Yorkshire Family Romance

Part 6

Chapter 64,065 wordsPublic domain

"Wast thou ordain'd, dear father, To lose thy youth in peace, and to achieve The silvery livery of advised age, And in thy reverence, and thy chair-days thus To die in ruffian battle? Even at this sight My heart is turn'd to stone; and while 'tis mine It shall be stony. York not our old men spares: No more will I their babes; tears virginal Shall be to me even as the dew to fire; And beauty, that the tyrant oft reclaims, Shall, to my flaming wrath, be oil and flax. Henceforth I will not have to do with pity Meet I an infant of the house of York, Into as many gobbets will I cut it As wild Medea young Absyrtus did. In cruelty will I seek out my fame. Come thou new ruin of old Clifford's house. (_Taking up the body._) As old Æneas did Anchises bear, So bear I thee upon my manly shoulders. But then Æneas bore a living load, Nothing so heavy as these woes of mine."

Although the Lancastrians fought bravely, nothing could withstand the superior number of the Yorkists, combined, as it was, with the military skill and impetuous valour of the Earl of Warwick, and in a short space of time there lay dead the Duke of Somerset and the Earls of Northumberland and Stafford; and the Duke of Buckingham and the Earl of Wiltshire and Ormond grievously wounded. Thus deprived of their chief leaders, the King being a mere cipher, the Lancastrians threw down their weapons and fled, Wentworth flinging down the Royal standard and spurring his horse in the direction of Suffolk. The poor King was captured; but York treated him with great courtesy and kindness, conducted him to St. Alban's Abbey, where they prayed together at the shrine of the martyr, and then went together, victor and vanquished, to London.

The Yorkists were now in the ascendant, but acted with great moderation. There were no executions and no attainders; so Clifford succeeded to the title and kept the estates. The King was again attacked by his old malady, and again was Richard of York appointed Protector; but Queen Margaret now began to exhibit her qualities, and to intrigue in politics. She was truly an able and brave woman, but vindictive and rash. She succeeded in ousting York from the Protectorship, and took measures for crushing him effectually; and again the flames of war broke out.

Lord Clifford did not, under these circumstances, sit at home brooding over his misfortunes and the bitterness of his hatred to the house of York. He was always on the alert, at London or elsewhere, attending on Councils of State or engaged in the field. He fought at Bloreheath, in 1459, and at Northampton, in 1460, on both of which occasions his party suffered a defeat; but Margaret, nothing daunted, raised an army of 18,000 men, and proceeded at their head into Yorkshire, in face of the frosts and snows of the December of 1460. The Duke of York, with a small army of 5,000 men, went from London and threw himself into Sandal Castle, by Wakefield, there to await the arrival of his son Edward, Earl of March, who was mustering forces in the Welsh Marches.

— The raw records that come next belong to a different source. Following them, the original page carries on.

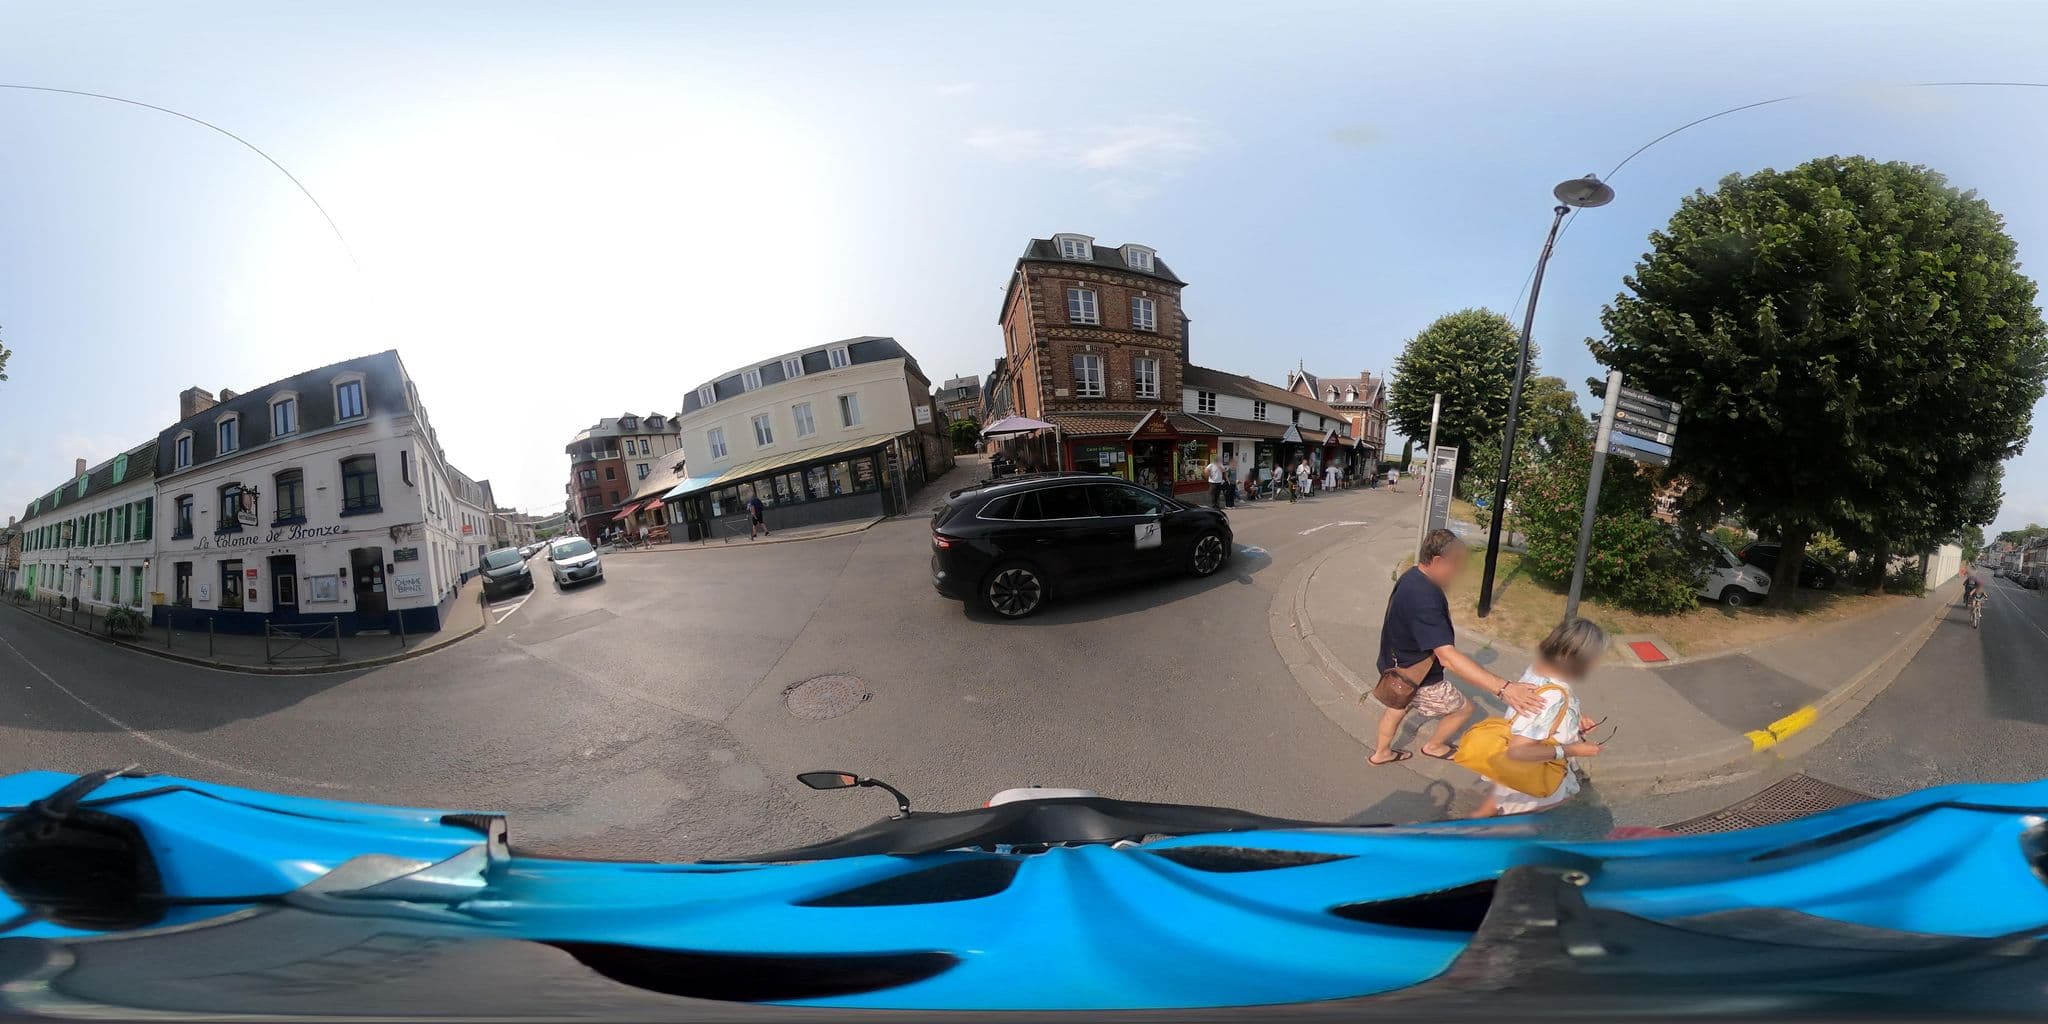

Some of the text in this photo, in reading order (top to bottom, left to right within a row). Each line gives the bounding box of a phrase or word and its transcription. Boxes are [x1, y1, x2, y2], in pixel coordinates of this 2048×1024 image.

[193, 524, 341, 550] La Colonne de Bronze
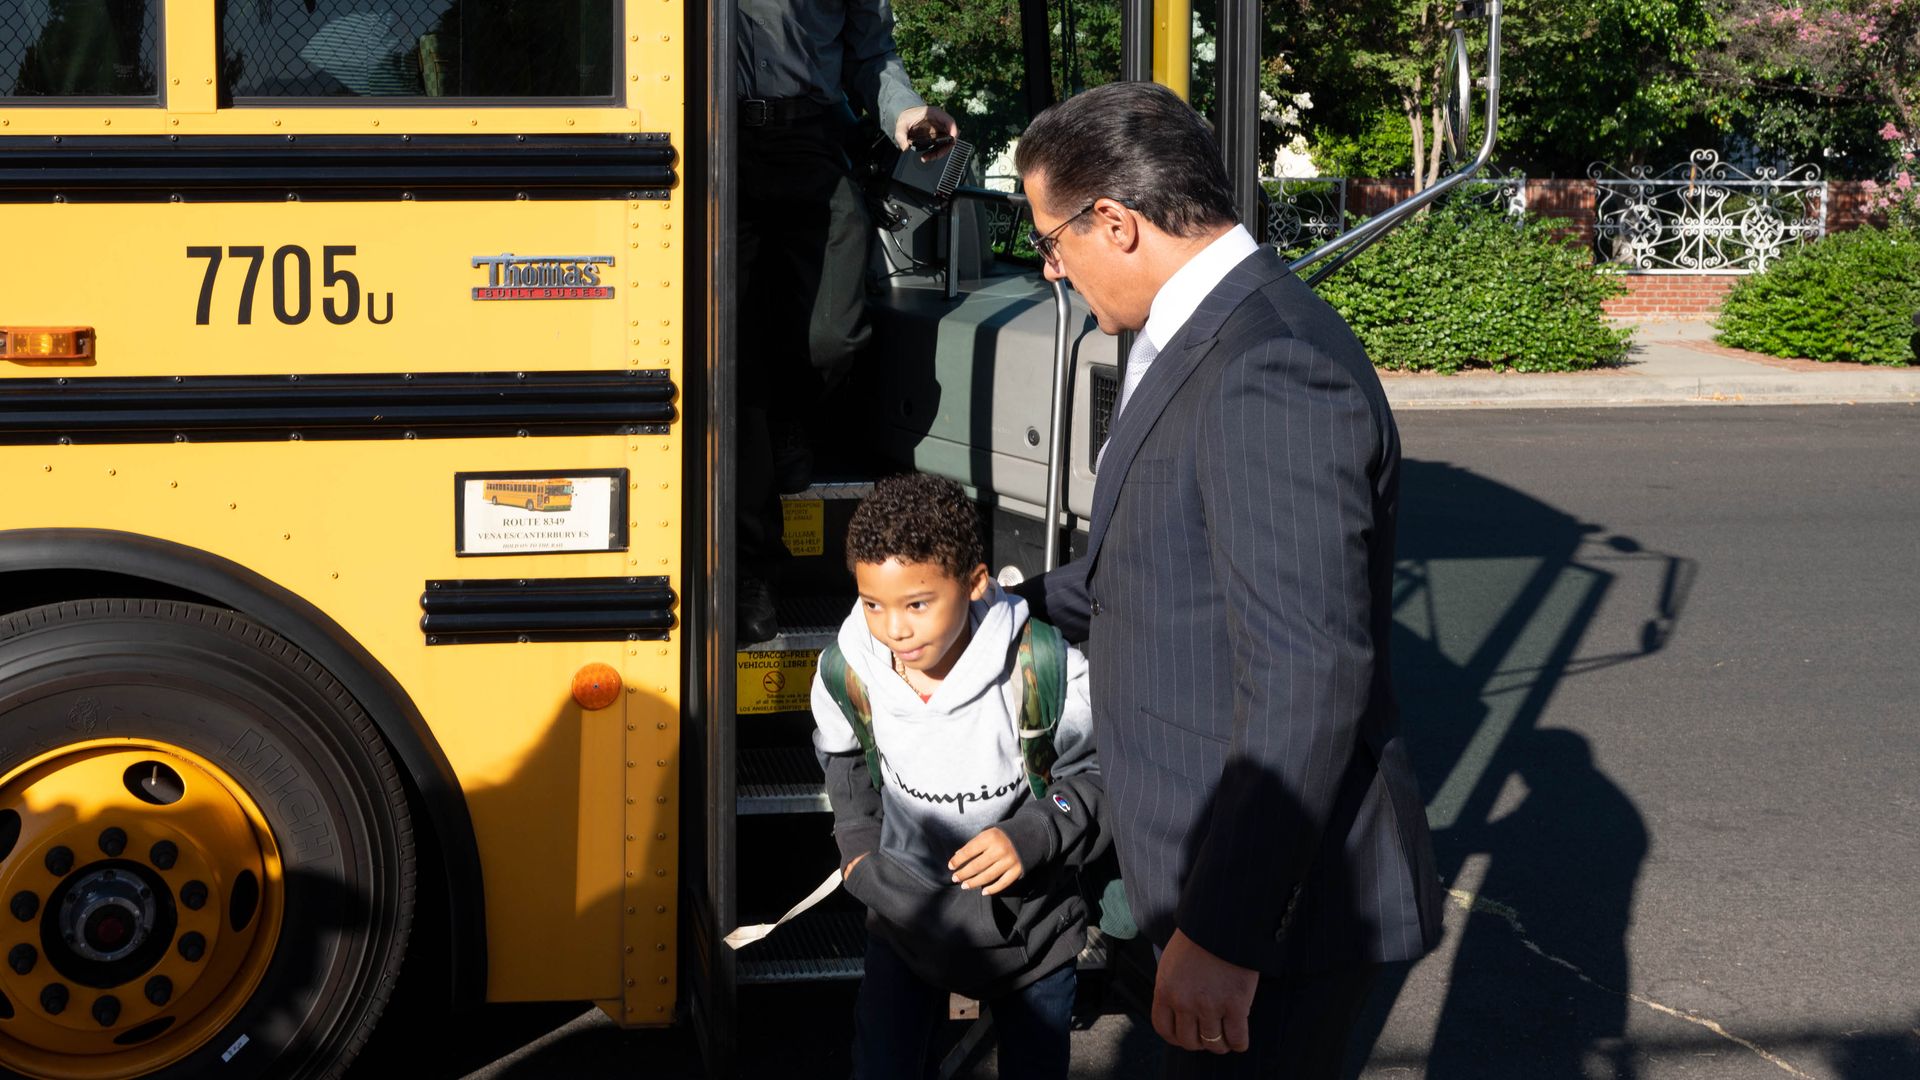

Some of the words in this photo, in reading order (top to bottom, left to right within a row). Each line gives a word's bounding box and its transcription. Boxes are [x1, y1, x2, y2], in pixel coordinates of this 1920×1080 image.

[471, 252, 616, 288] Thomas
[484, 288, 534, 298] BUILT
[543, 288, 604, 298] BUSES
[503, 517, 540, 527] ROUTE
[543, 517, 565, 526] 8349
[478, 532, 501, 540] VENA
[578, 530, 590, 538] ES
[747, 650, 810, 660] TOBACCO-FREE
[783, 660, 807, 668] LIBRE
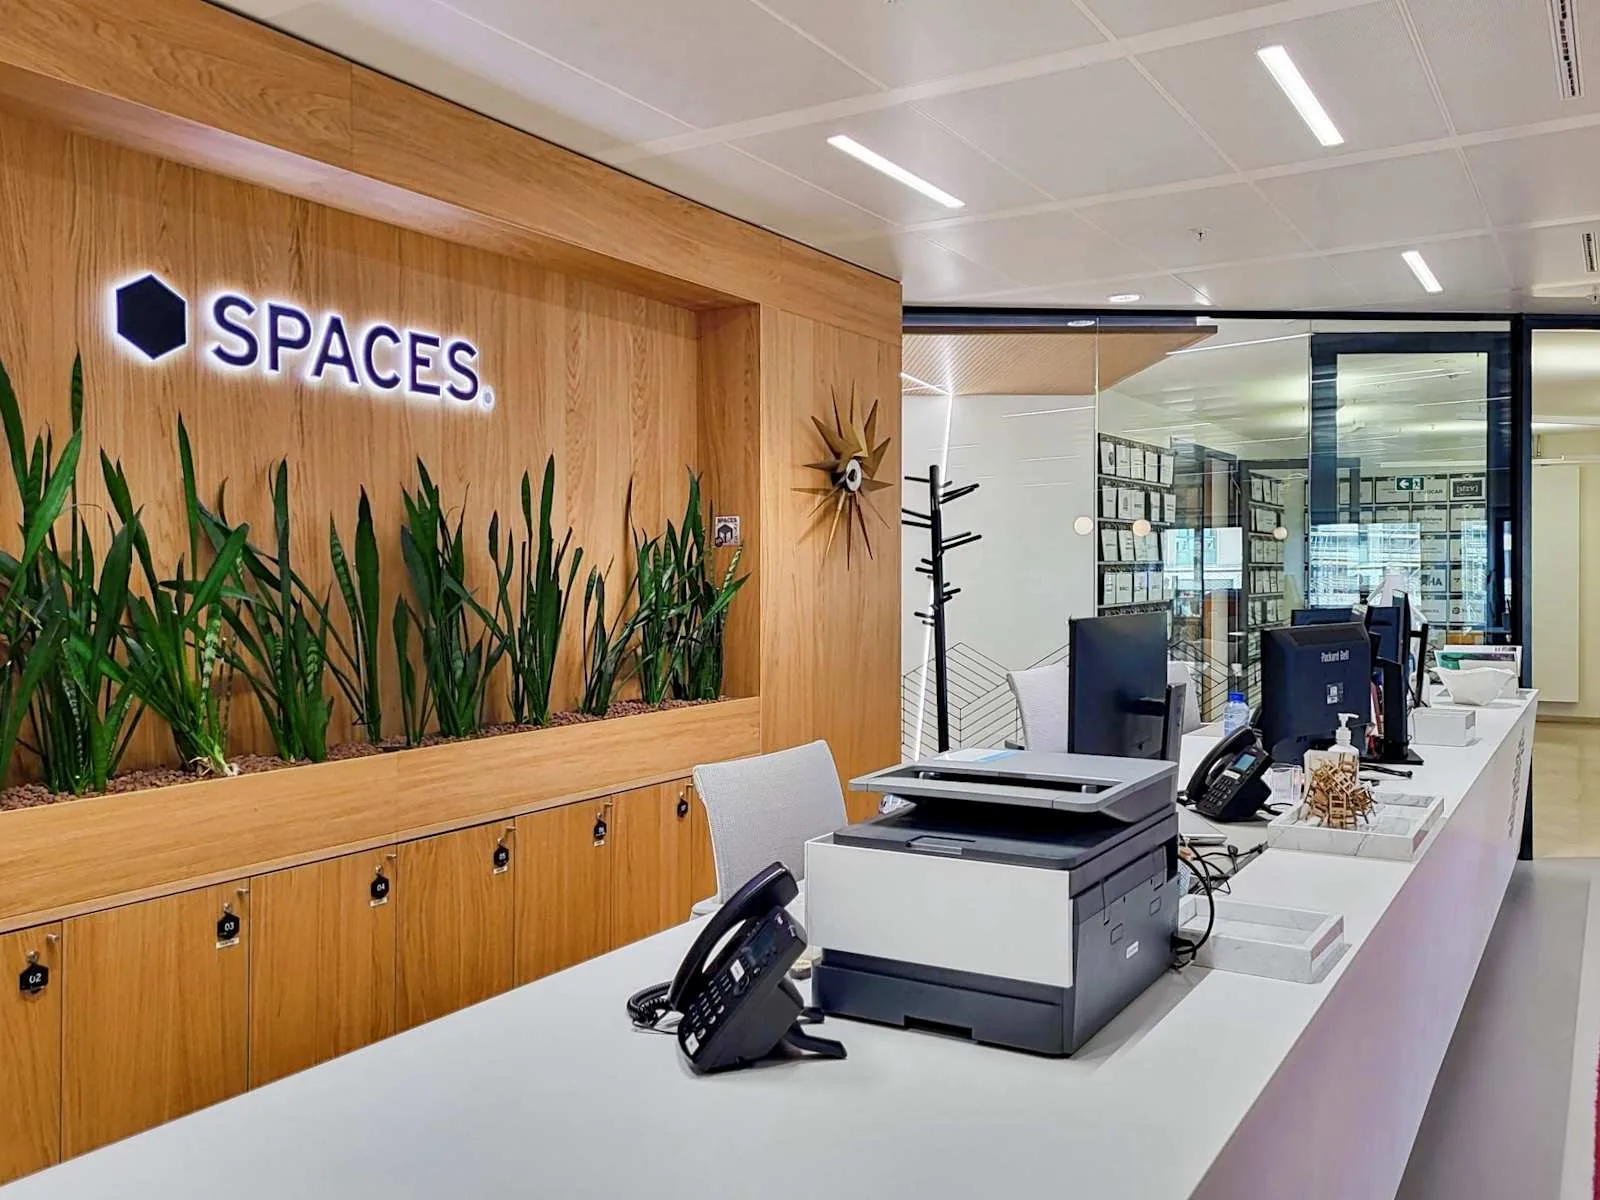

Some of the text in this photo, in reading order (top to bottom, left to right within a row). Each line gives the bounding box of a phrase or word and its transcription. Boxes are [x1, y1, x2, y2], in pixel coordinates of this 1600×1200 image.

[211, 294, 479, 402] SPACES
[1320, 649, 1350, 663] Packard Bell
[376, 882, 385, 891] 04
[224, 921, 235, 931] 03
[29, 972, 42, 984] 02
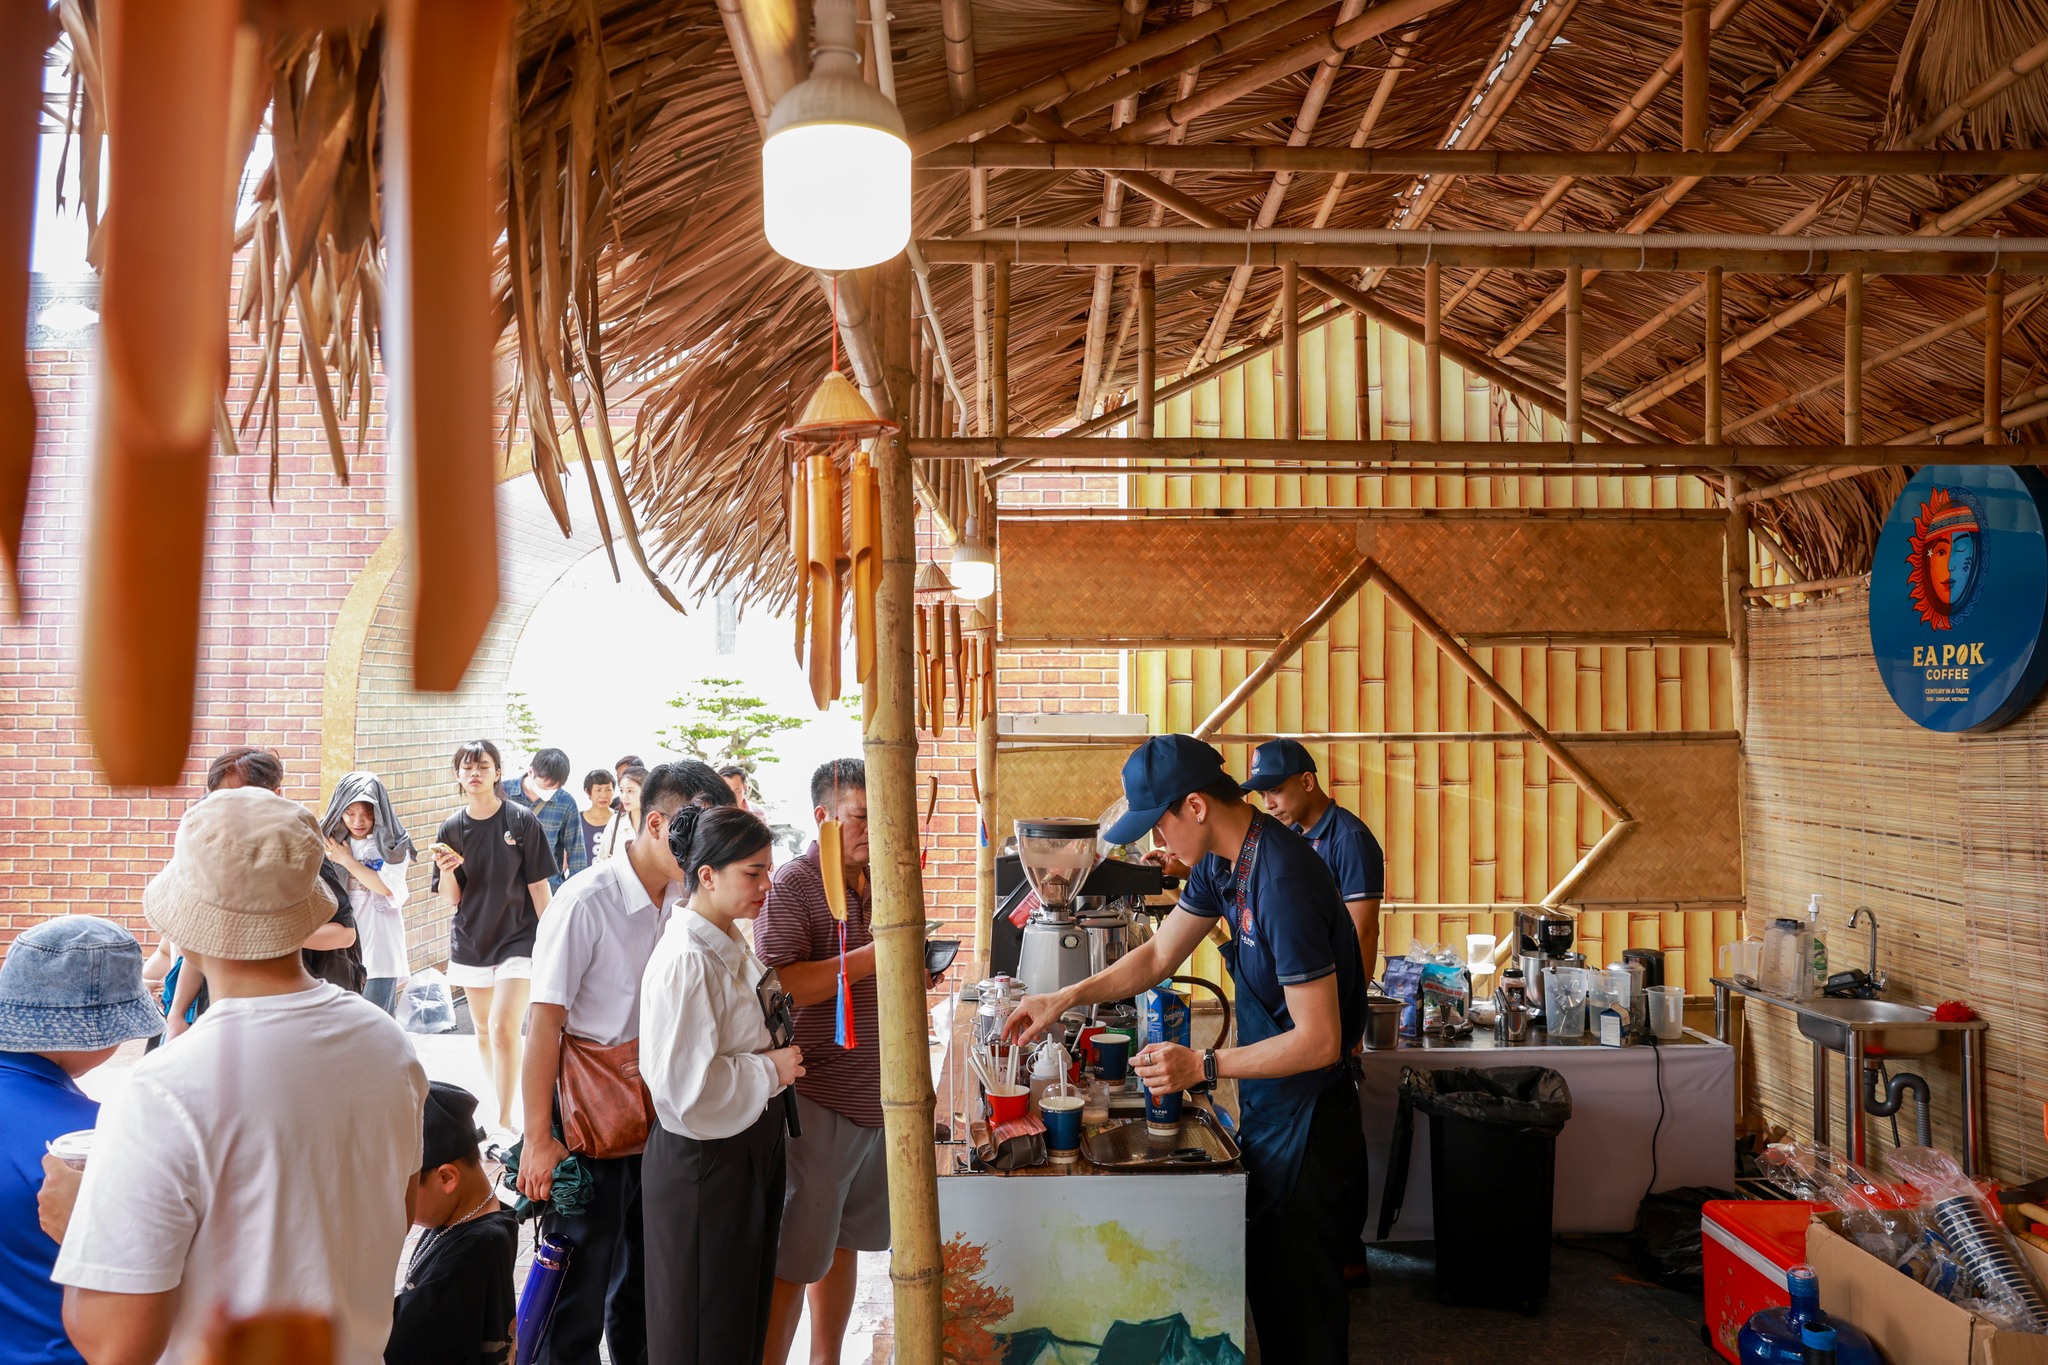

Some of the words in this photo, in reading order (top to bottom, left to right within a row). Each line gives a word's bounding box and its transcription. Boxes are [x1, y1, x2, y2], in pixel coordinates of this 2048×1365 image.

[1913, 646, 1938, 666] EA
[1942, 642, 1984, 665] POK
[1926, 668, 1968, 680] COFFEE

The Queen came with her army upon Wakefield Green, with the Duke of Somerset, son of the slain Duke, in chief command, and Clifford and Wiltshire, son of the Earl who fell at St. Alban's, in command of ambuscades, one on each side. Then, aware of her numerical superiority, she appeared before Sandal, and summoned the Duke to come forth and fight her. "What, are you afraid of encountering an army led by a woman? Cowardly poltroon! can you be fit to wear the crown of England, who shut yourself up in a castle against a woman?" York called a council of war, and was earnestly dissuaded against running the hazard of a battle before the arrival of his son; but, taunted by the jeers of the Queen, he felt that his honour was concerned in fighting at once, despite the numerical odds, and forth he went with his small army, not one-third that of the Queen.

The Duke sallied forth and met Somerset, with a comparatively small force, on Wakefield Green, whom he attacked with great vigour, anticipating, with his better-disciplined men, an easy victory; but the ambuscades under Clifford and Wiltshire came out upon his flanks, whilst a contingent of Northern Borderers attacked his rear, and thus, completely surrounded, his small force succumbed, the White Rose drooped, and the Red, for the first time, was triumphant. This battle brought to an end the ambitious aspirations of Richard of York. He was one of the first to fall, and with him Sir Thomas Neville, Lord Salisbury's son, and Lord Harrington, the husband of Katherine Neville, his daughter. Lord Salisbury himself was wounded, but not sufficiently to prevent his galloping off from the scene. Clifford however, followed in hot pursuit, captured, and sent him to Pontefract Castle, where he was at once beheaded.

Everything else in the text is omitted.